And goddamn Travis was the most underwhelming villain ever. I don't understand how the writer's could forget the most basic rule: Show don't tell. Almost all of Travis's "feats" happened offscreen. He never came across as a thret, just really lucky. It shows in how much they had to dumb Dexter down in order to give him a chance. They even had to poison him for Travis to stand a shot lol. I was hoping we might at least get flashbacks to Travis' earlier kills but nope. Dammit Gellar should have been real, or he should have at least showed up again to help Travis out. Again, ah well. 




Jon Stark said:


> - Will next season's main antagonist be the intern Louis Greene?



I fucking hope so. He'd make a waaaaaaaaaay better villain than Travis.
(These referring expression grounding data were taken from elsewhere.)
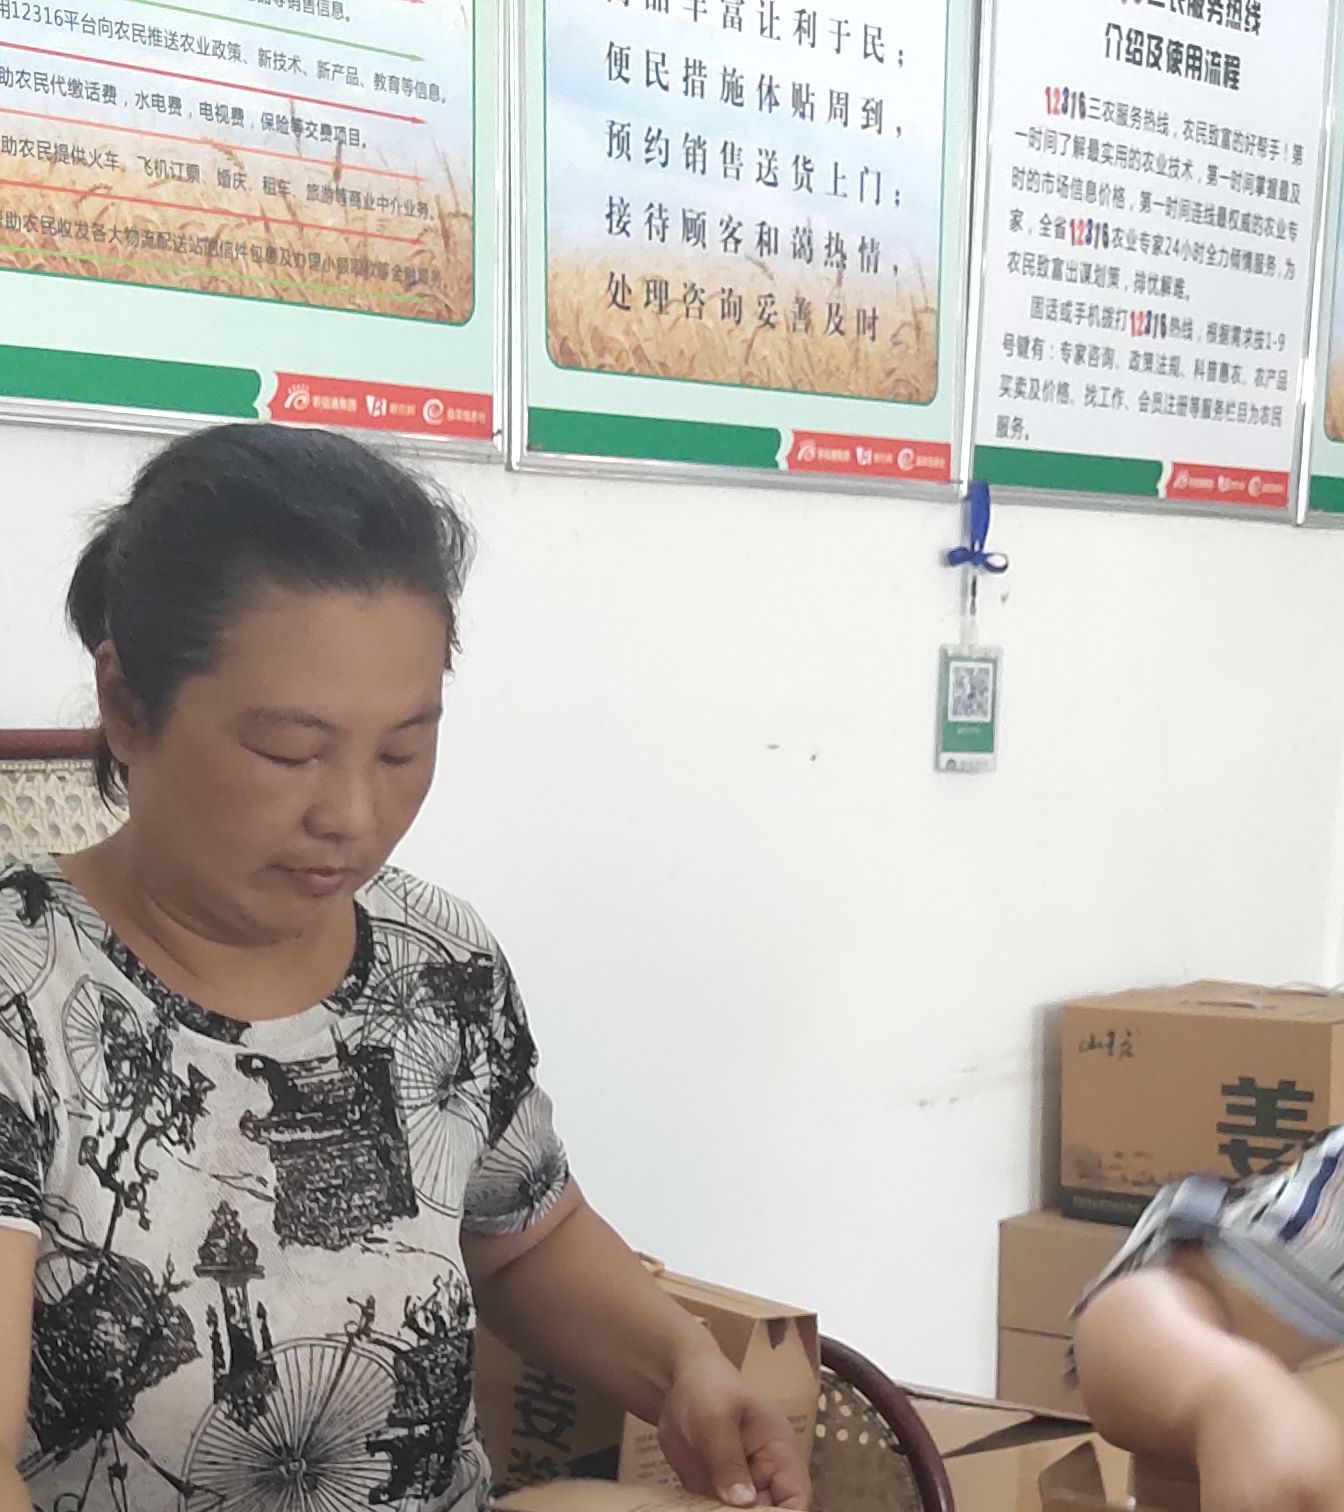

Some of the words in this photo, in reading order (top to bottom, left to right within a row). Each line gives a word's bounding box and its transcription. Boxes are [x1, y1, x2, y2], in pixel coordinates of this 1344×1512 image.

[605, 41, 903, 138] 便民措施体贴周到，
[1104, 22, 1242, 90] 介绍及使用流程
[604, 119, 903, 209] 预约销售送货上门；
[604, 195, 900, 276] 接待顾客和蔼热情，
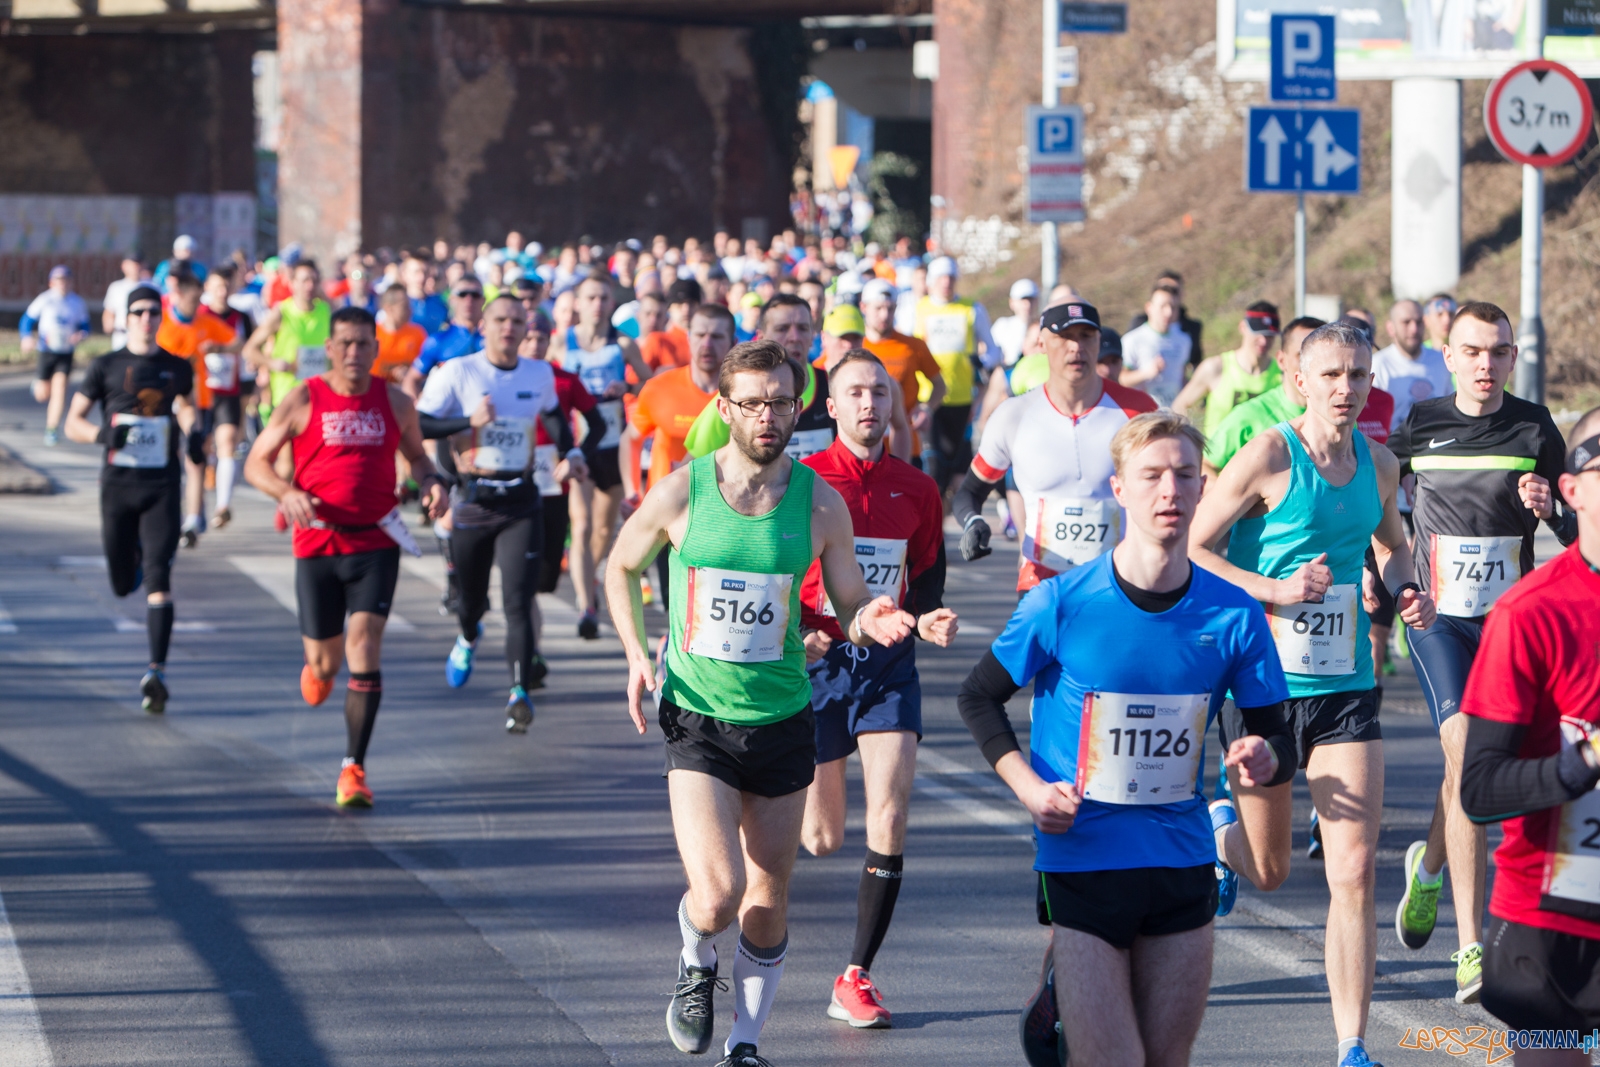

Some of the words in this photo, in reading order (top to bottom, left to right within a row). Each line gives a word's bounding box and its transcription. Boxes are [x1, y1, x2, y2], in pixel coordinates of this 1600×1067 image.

[485, 430, 523, 446] 5957
[1055, 522, 1109, 542] 8927
[1453, 560, 1505, 582] 7471
[709, 597, 774, 625] 5166
[729, 627, 753, 635] Dawid
[1292, 611, 1344, 636] 6211
[1109, 728, 1190, 757] 11126
[1136, 762, 1164, 770] Dawid
I hope they bring the other intern chick back too.



Banhammer said:


> Hey, how did Dexter bring a hammer to a wall with cops right next door and no one heard him



If it was drywall it might not have been too hard to just push the hammer through and then tear around the hole.



Jon Stark said:


> You call it shit and yet gave it an above average score.



It's all relative baby


----------



## deceptive (Dec 19, 2011)

hitokugutsu said:


> I can't believe Dexter has turned from one my favorites tv-shows to shitfest in 2 years
> 
> This season had 2 memorable moments at best
> 1) Dexter killing that Nick guy at the ocean and Brian appearing (but didn't deliver the hype in the episode following it)
> ...



These _are_ the same people. Nine writers this season, more than half were on seasons 3-5 as well.


----------



## Kind of a big deal (Dec 19, 2011)

What was up with the syringe that did nothing to Dexter??...
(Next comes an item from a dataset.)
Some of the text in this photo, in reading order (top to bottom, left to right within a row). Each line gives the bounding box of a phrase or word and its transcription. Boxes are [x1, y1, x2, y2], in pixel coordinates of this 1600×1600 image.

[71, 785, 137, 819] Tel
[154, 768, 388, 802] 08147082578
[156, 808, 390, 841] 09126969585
and nonexistent security footage in a new high-tech building? Nobody bothered to check the security footage and see Dexter carrying Travis? How did he even get Travis inside his car? It was freaking the middle of the day.

Super lazy writing.


----------



## Irishwonder (Dec 19, 2011)

Kind of a big deal said:


> What was up with the syringe that did nothing to Dexter??...
> 
> and nonexistent security footage in a new high-tech building? Nobody bothered to check the security footage and see Dexter carrying Travis? How did he even get Travis inside his car? It was freaking the middle of the day.
> 
> Super lazy writing.



Dexter didn't inject himself, he only made it look like he did.


----------



## Raging Bird (Dec 19, 2011)

Season finale was amazing.


----------



## Black Wraith (Dec 19, 2011)

Awesome ending.

I loved the poetry of Dexter saying 'Oh God' when he saw Deb.


----------



## FitzChivalry (Dec 19, 2011)

> I loved the poetry of Dexter saying *'Oh God'* when he saw Deb.


The irony of him uttering those specific words was through the roof.


----------



## Mastic (Dec 19, 2011)

As most have mentioned, the only worthy thing of mention is the last 10 seconds. Rest of episode was lackluster. Deb seemed like she was a high school virgin or some shit fidgeting around Dex. 

Wonder how she is gonna react to his DP and more importantly what Dexter is gonna say. The "oh God" was perfect. 

Atleast it looks like the intern is sticking around, the same for Batistia's sis. 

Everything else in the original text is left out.